-- Brief --
Leave out the images and set down the records below exactly.

——————————

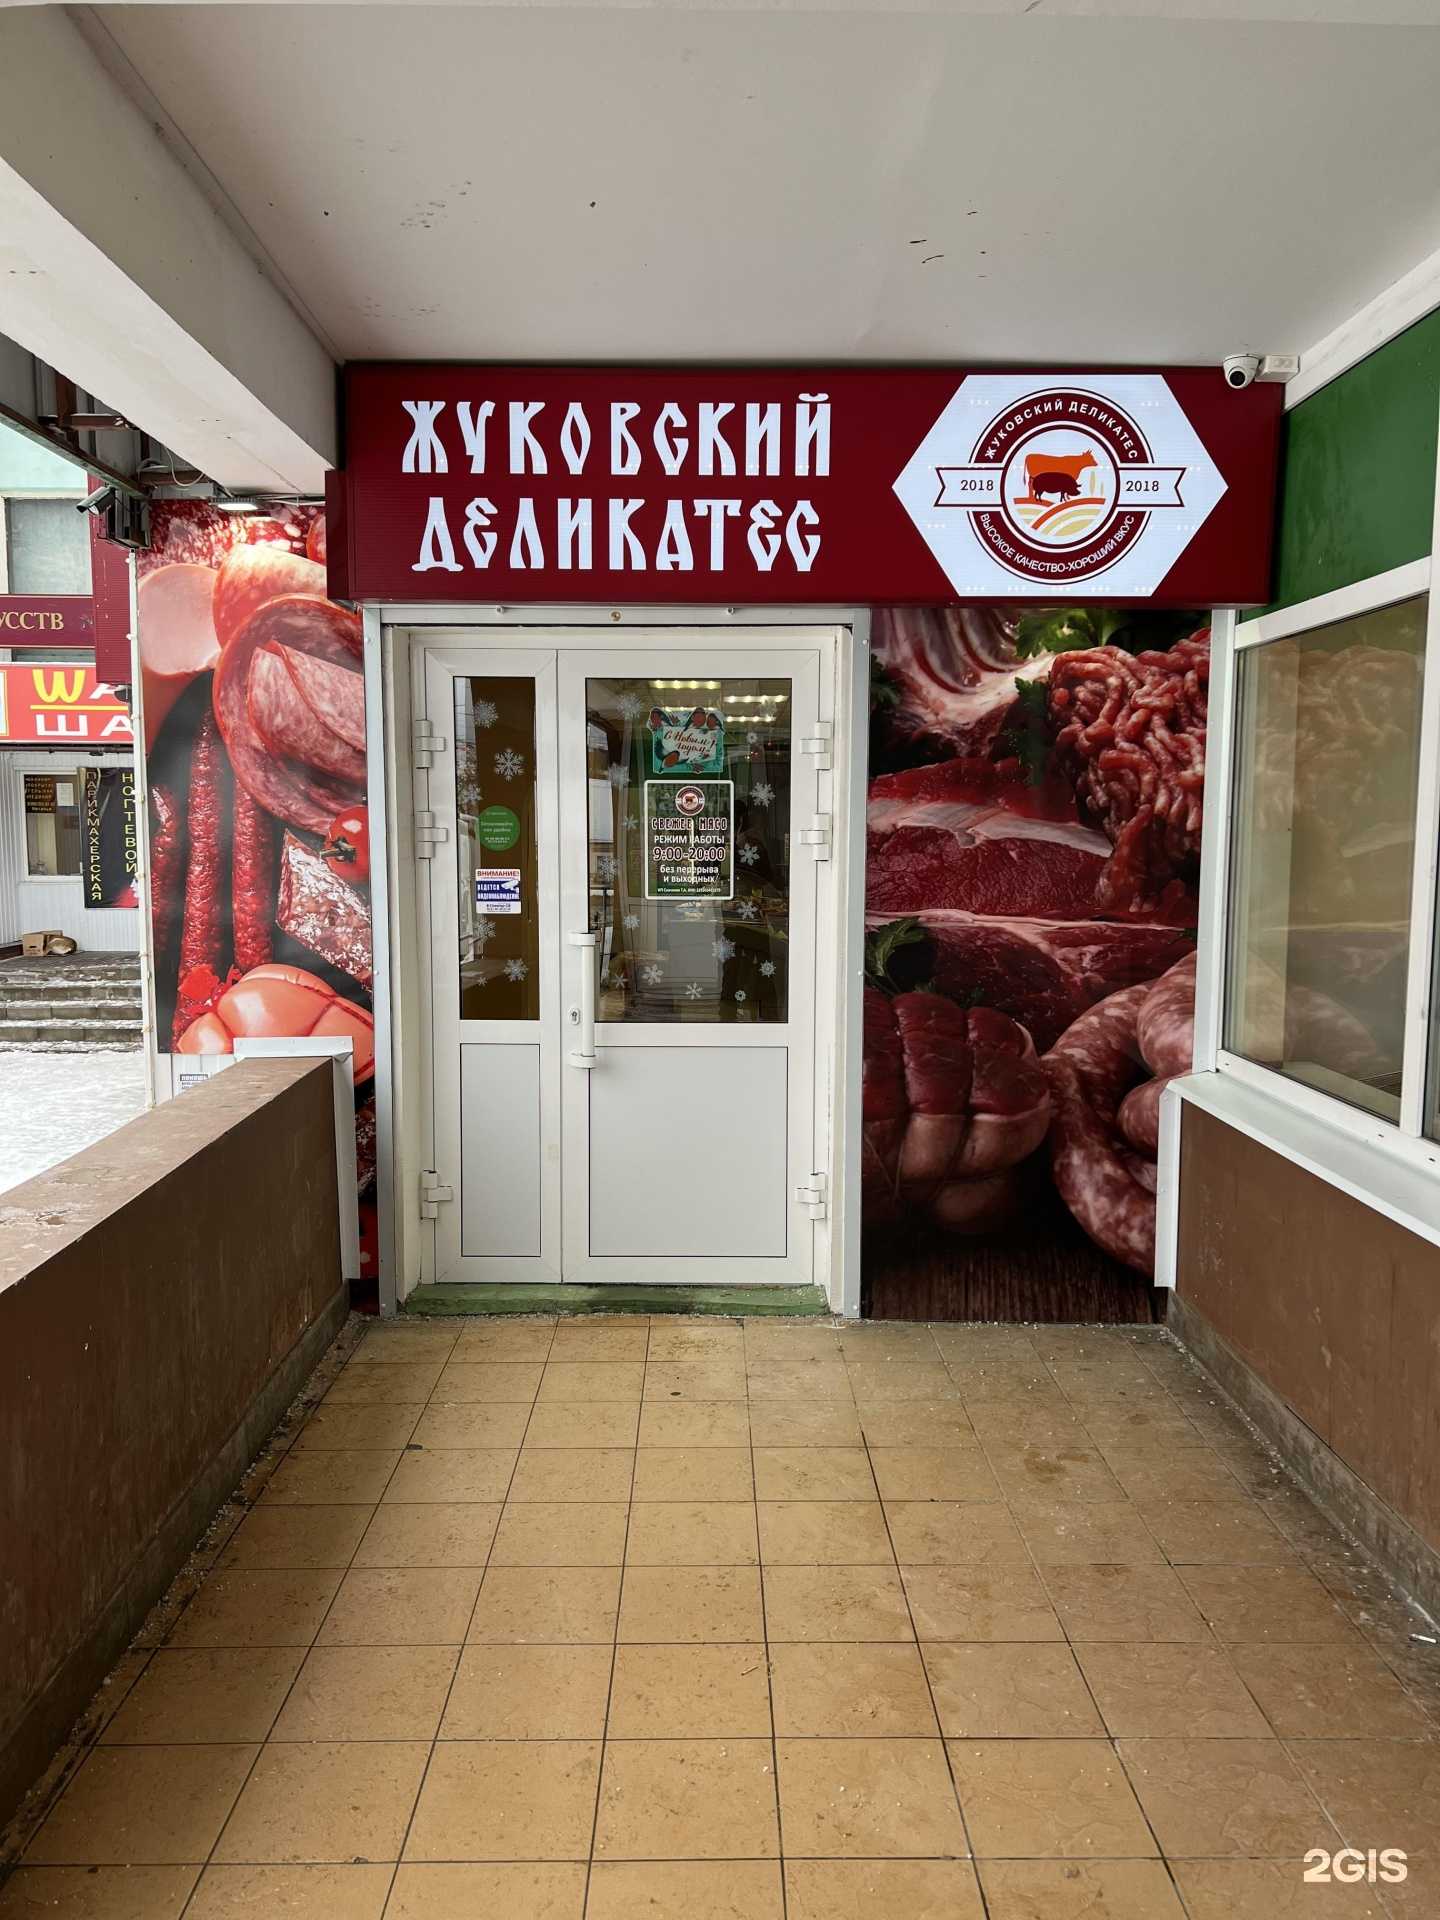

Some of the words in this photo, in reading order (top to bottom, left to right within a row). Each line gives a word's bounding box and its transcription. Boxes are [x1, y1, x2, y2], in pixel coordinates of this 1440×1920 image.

[401, 393, 831, 476] ЖУКОВСКИЙ
[985, 399, 1064, 460] ЖУКОВСКИЙ
[1069, 400, 1138, 459] ДЕЛИКАТЕС
[960, 480, 994, 491] 2018
[1126, 480, 1160, 492] 2018
[411, 497, 821, 572] ДЕЛИКАТЕС
[980, 513, 1014, 558] ВЫСОКОЕ
[1114, 514, 1135, 542] ВКУС
[86, 771, 102, 900] ПАРИКМАХЕРСКАЯ
[121, 773, 138, 873] НОГТЕВОЙ
[651, 817, 692, 830] СВЕЖЕЕ
[699, 817, 728, 831] МЯСО
[654, 835, 687, 844] РЕЖИМ
[660, 864, 675, 873] без
[676, 866, 719, 876] перерыва
[671, 875, 715, 885] выходных

——————————

-- Exercise result --
Some of the words in this photo, in reading order (top to bottom, left to right within a row). Each line gives a word's bounding box and its transcription. Boxes are [x1, y1, x2, y2], in pixel coordinates of this 1440×1920 image.

[401, 393, 831, 476] ЖУКОВСКИЙ
[985, 399, 1064, 460] ЖУКОВСКИЙ
[1069, 400, 1138, 459] ДЕЛИКАТЕС
[960, 480, 994, 491] 2018
[1126, 480, 1160, 492] 2018
[411, 497, 821, 572] ДЕЛИКАТЕС
[980, 513, 1014, 558] ВЫСОКОЕ
[1114, 514, 1135, 542] ВКУС
[86, 771, 102, 900] ПАРИКМАХЕРСКАЯ
[121, 773, 138, 873] НОГТЕВОЙ
[651, 817, 692, 830] СВЕЖЕЕ
[699, 817, 728, 831] МЯСО
[654, 835, 687, 844] РЕЖИМ
[660, 864, 675, 873] без
[676, 866, 719, 876] перерыва
[671, 875, 715, 885] выходных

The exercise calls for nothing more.